(Data records)
◇ ◇ ◇ ◇ ◇

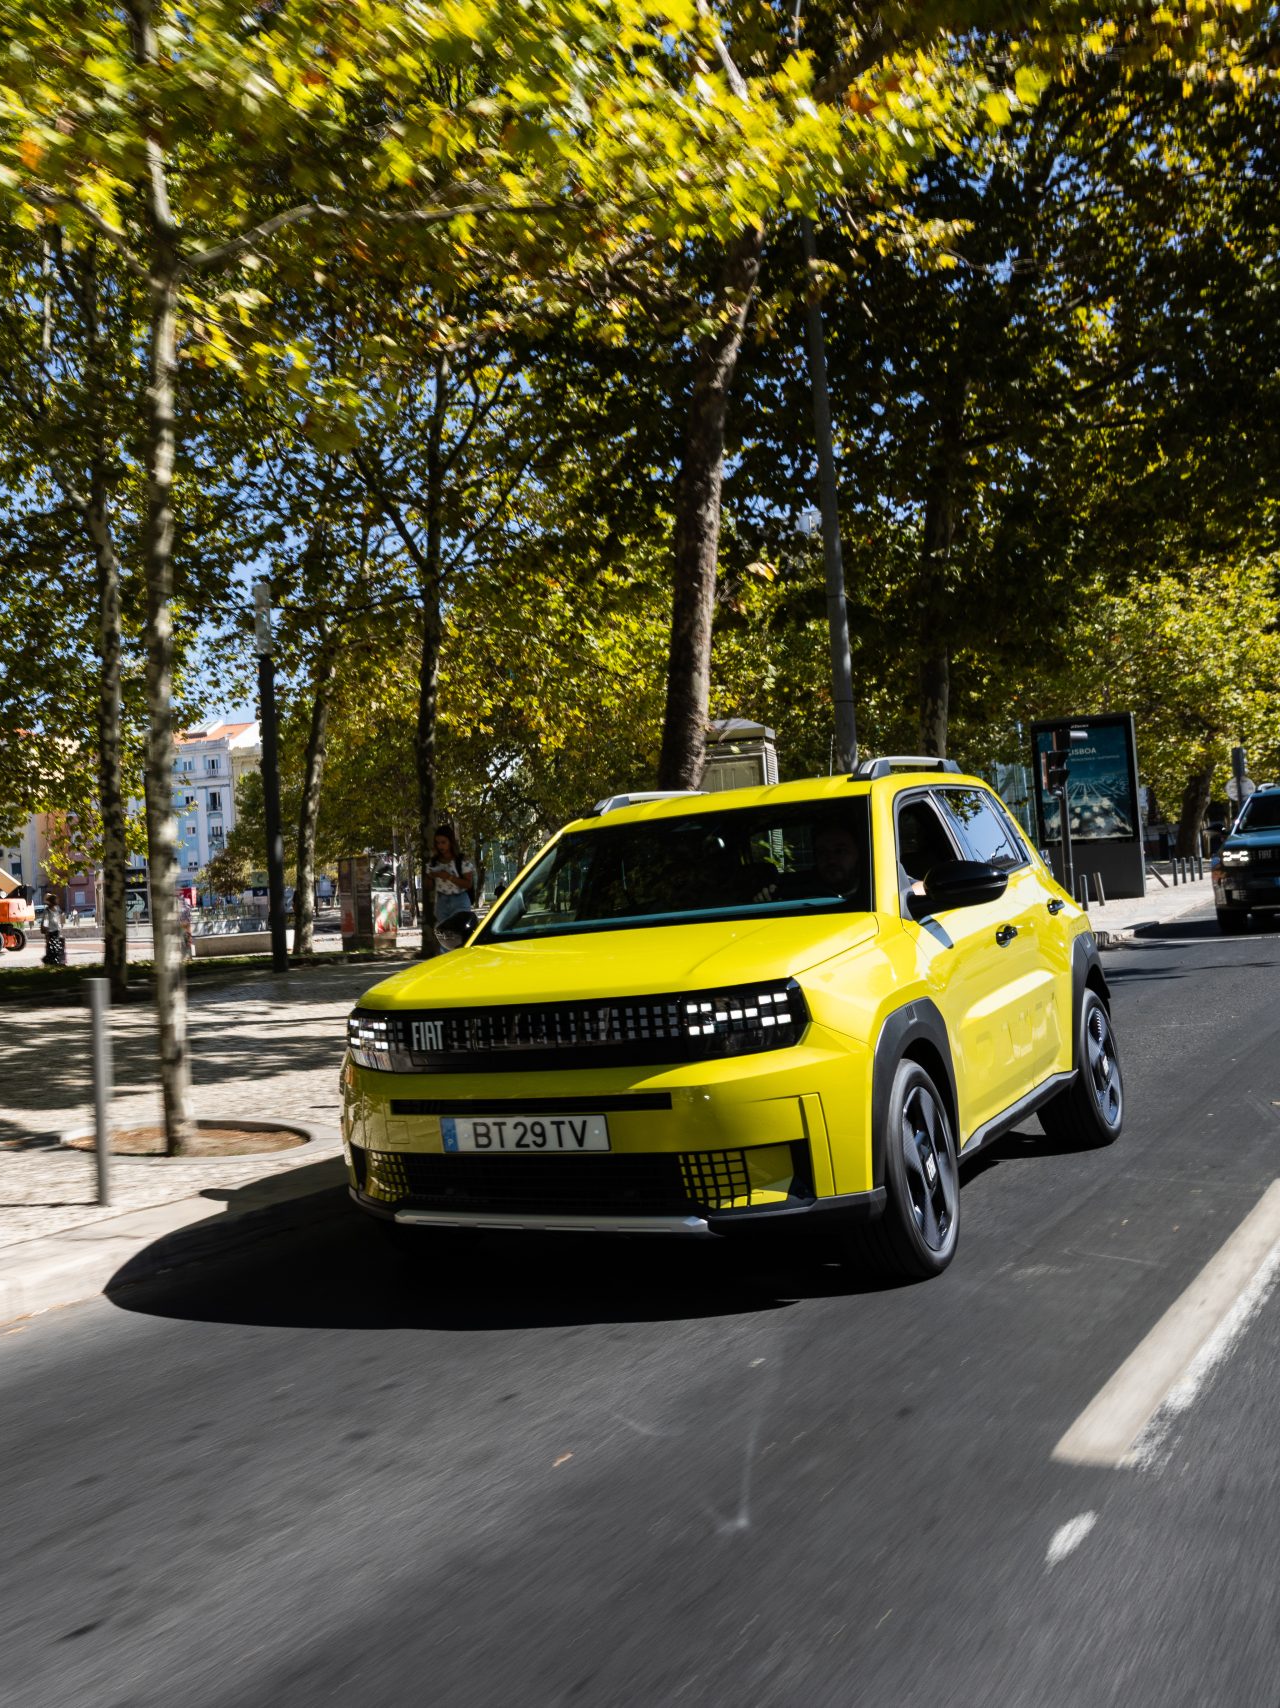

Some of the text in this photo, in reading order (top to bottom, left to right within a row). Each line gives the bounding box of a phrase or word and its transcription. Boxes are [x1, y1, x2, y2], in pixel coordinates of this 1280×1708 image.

[411, 1020, 444, 1050] FIAT
[472, 1121, 507, 1149] BT
[513, 1121, 547, 1148] 29
[550, 1120, 587, 1148] TV

◇ ◇ ◇ ◇ ◇

TASK DETAILS
Each entry above should come back word for word, and no picture should come with it.

EXERCISE ANSWER
Some of the text in this photo, in reading order (top to bottom, left to right within a row). Each line gives the bounding box of a phrase or word and its transcription. Boxes are [x1, y1, x2, y2], in pixel coordinates of this 1280×1708 image.

[411, 1020, 444, 1050] FIAT
[472, 1121, 507, 1149] BT
[513, 1121, 547, 1148] 29
[550, 1120, 587, 1148] TV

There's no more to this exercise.